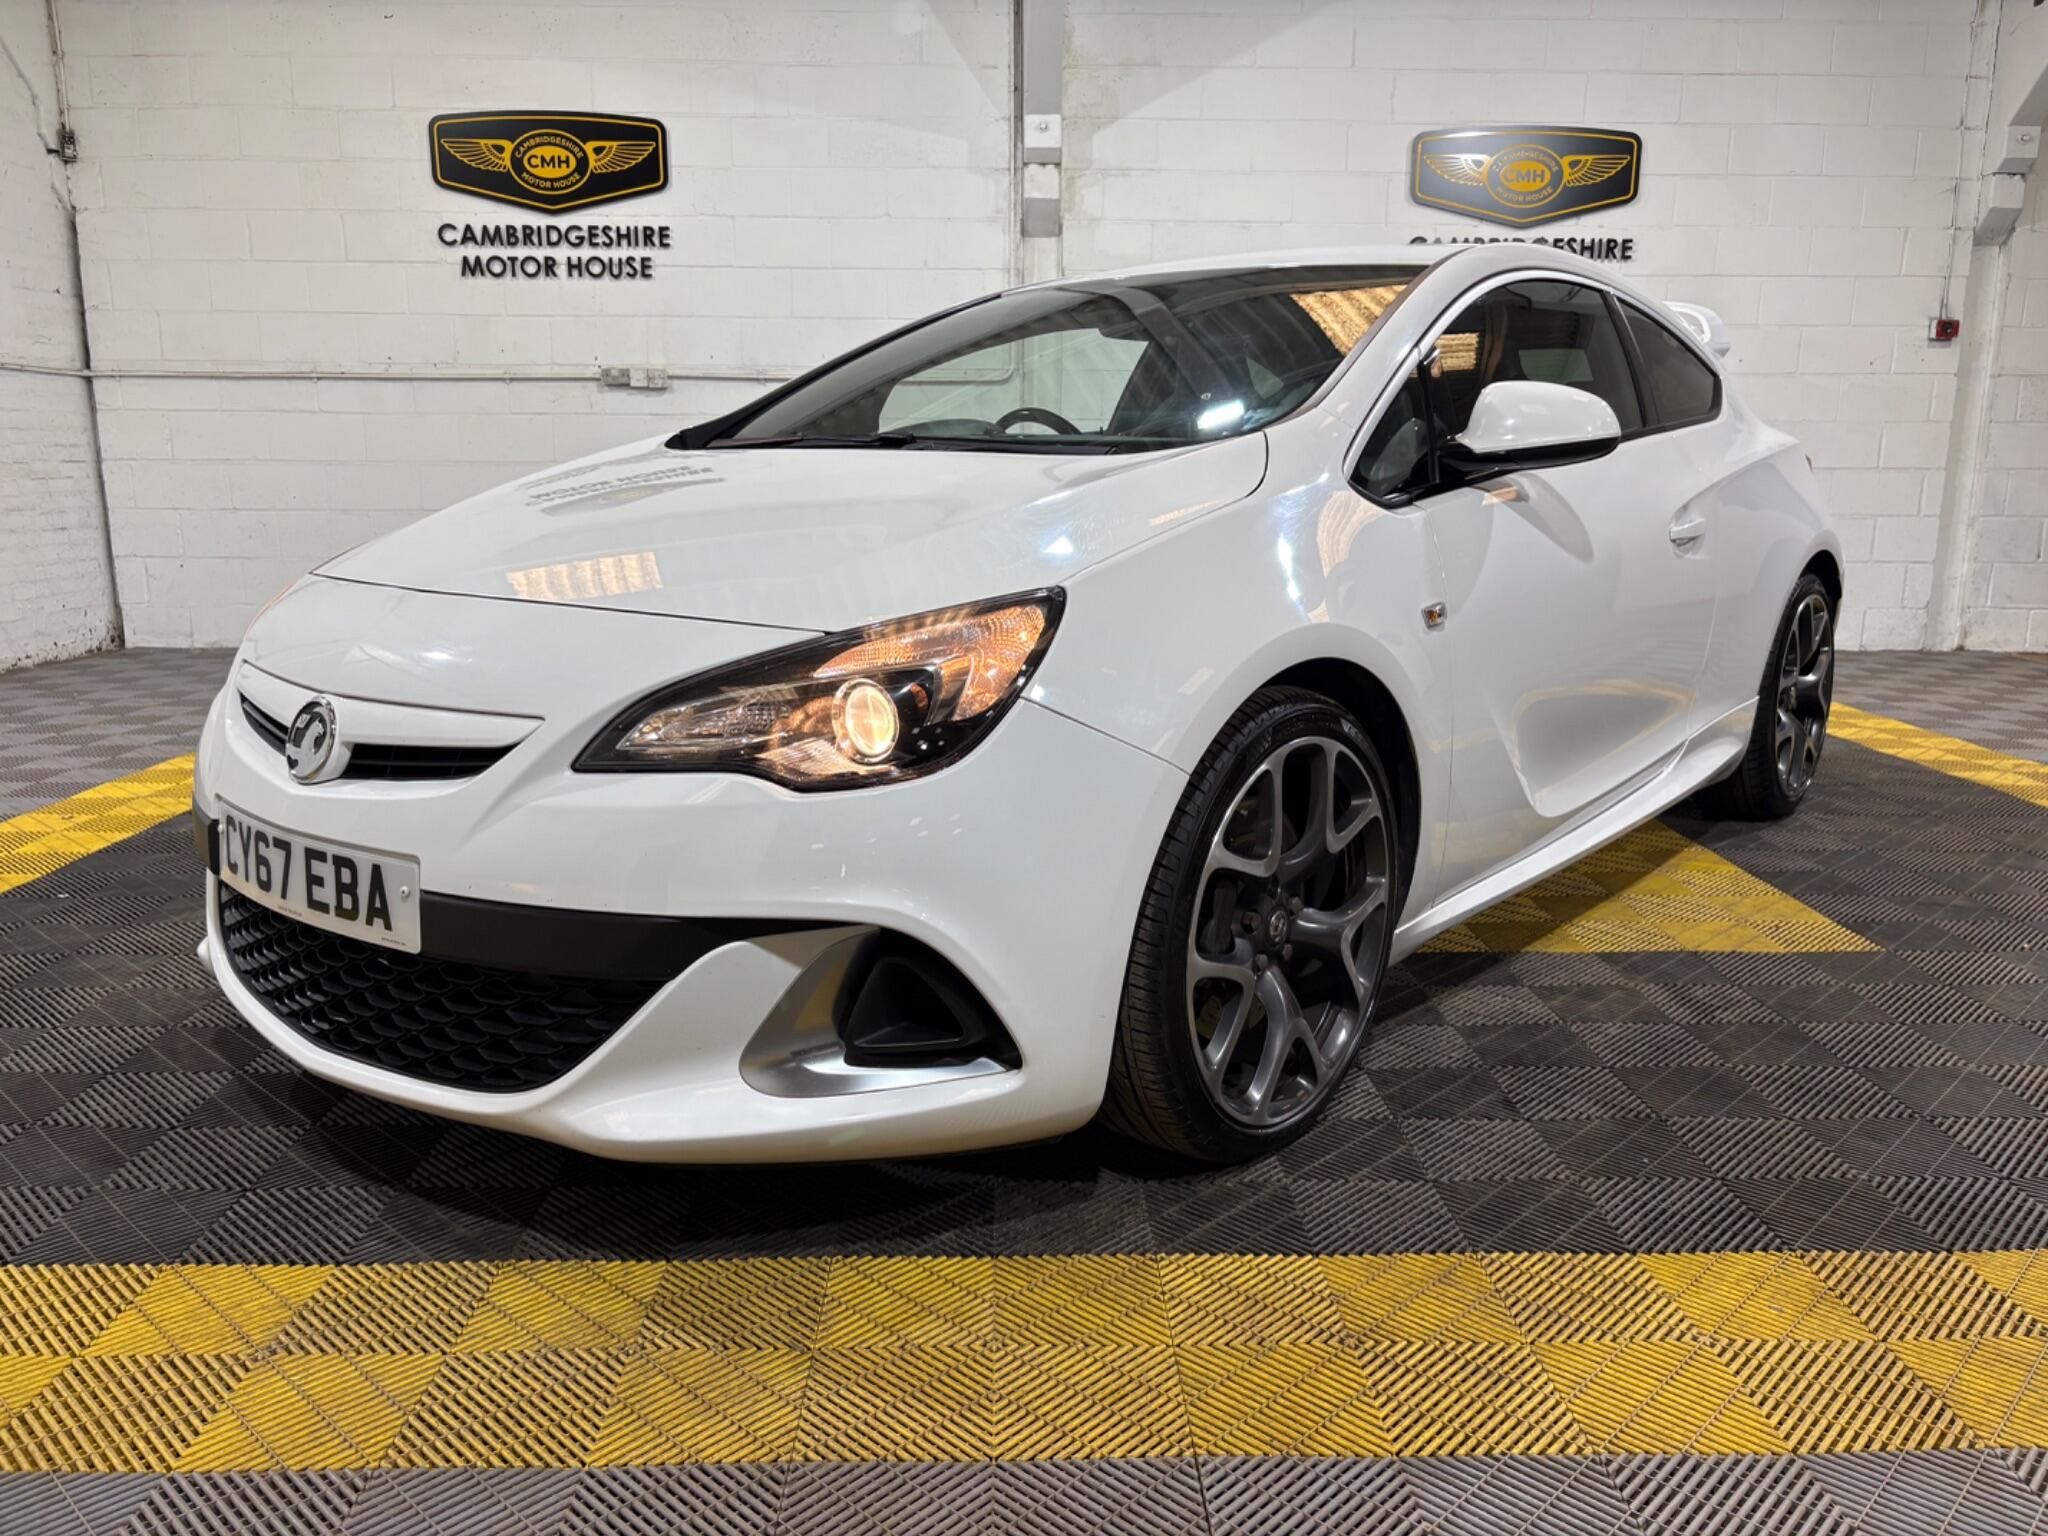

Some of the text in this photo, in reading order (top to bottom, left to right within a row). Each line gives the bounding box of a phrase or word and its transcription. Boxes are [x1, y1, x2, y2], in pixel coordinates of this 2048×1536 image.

[515, 136, 584, 159] CAMBRIDGESHIRE
[527, 154, 570, 169] CMH
[521, 172, 581, 188] MOTOR HOUSE
[1504, 169, 1545, 183] CMH
[437, 223, 671, 248] CAMBRIDGESHIRE
[461, 255, 653, 280] MOTOR HOUSE
[225, 814, 393, 932] CY67 EBA

Problem statement =>
Pictures stay out; everything else in the records gets copied exactly.

Reply to the exercise =>
Some of the text in this photo, in reading order (top to bottom, left to right within a row). Each line gives the bounding box of a phrase or word and its transcription. Boxes are [x1, y1, x2, y2], in pixel coordinates of this 2048×1536 image.

[515, 136, 584, 159] CAMBRIDGESHIRE
[527, 154, 570, 169] CMH
[521, 172, 581, 188] MOTOR HOUSE
[1504, 169, 1545, 183] CMH
[437, 223, 671, 248] CAMBRIDGESHIRE
[461, 255, 653, 280] MOTOR HOUSE
[225, 814, 393, 932] CY67 EBA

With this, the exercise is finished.